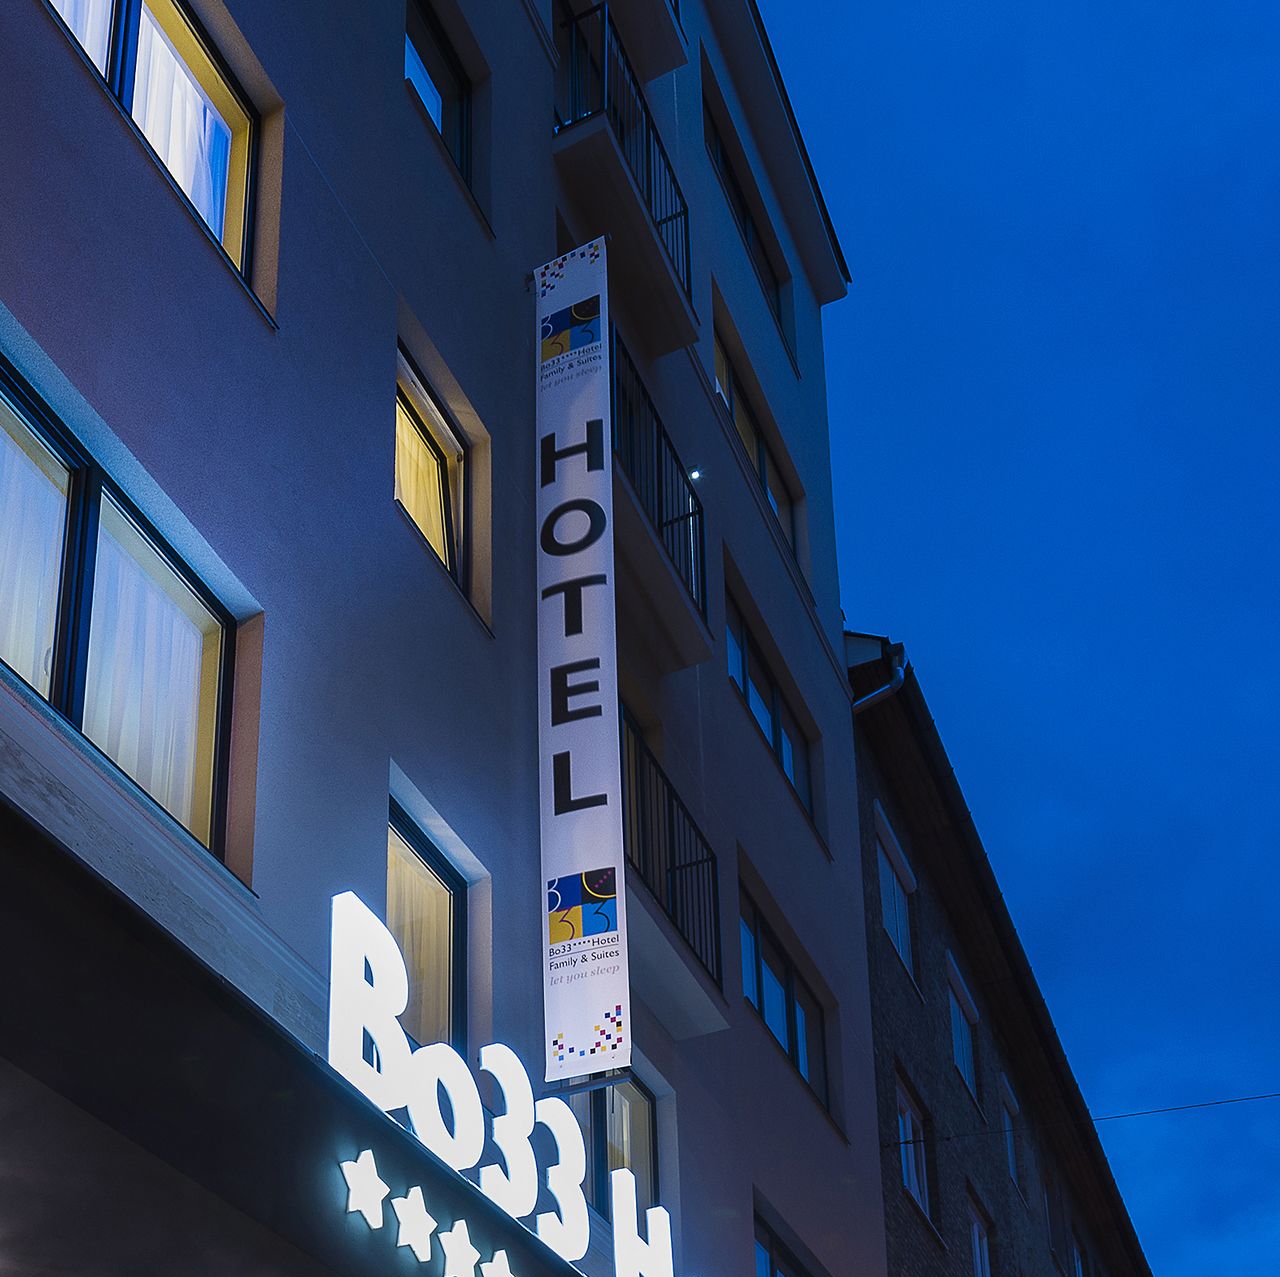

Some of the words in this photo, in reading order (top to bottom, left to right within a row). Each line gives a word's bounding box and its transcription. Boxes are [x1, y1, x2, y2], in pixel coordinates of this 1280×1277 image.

[540, 366, 565, 382] Family
[567, 361, 574, 370] &
[576, 353, 602, 367] Suites
[539, 419, 608, 816] HOTEL
[592, 934, 620, 946] Hotel
[549, 956, 578, 971] Family
[580, 953, 588, 963] &
[591, 948, 620, 961] Suites
[550, 975, 564, 986] let
[566, 969, 588, 984] you
[590, 964, 620, 977] sleep
[328, 890, 591, 1262] Bo33

> **Required action**
Repeat the records word for word and drop any pictures.

> **Completed exercise**
Some of the words in this photo, in reading order (top to bottom, left to right within a row). Each line gives a word's bounding box and its transcription. Boxes are [x1, y1, x2, y2], in pixel coordinates of this 1280×1277 image.

[540, 366, 565, 382] Family
[567, 361, 574, 370] &
[576, 353, 602, 367] Suites
[539, 419, 608, 816] HOTEL
[592, 934, 620, 946] Hotel
[549, 956, 578, 971] Family
[580, 953, 588, 963] &
[591, 948, 620, 961] Suites
[550, 975, 564, 986] let
[566, 969, 588, 984] you
[590, 964, 620, 977] sleep
[328, 890, 591, 1262] Bo33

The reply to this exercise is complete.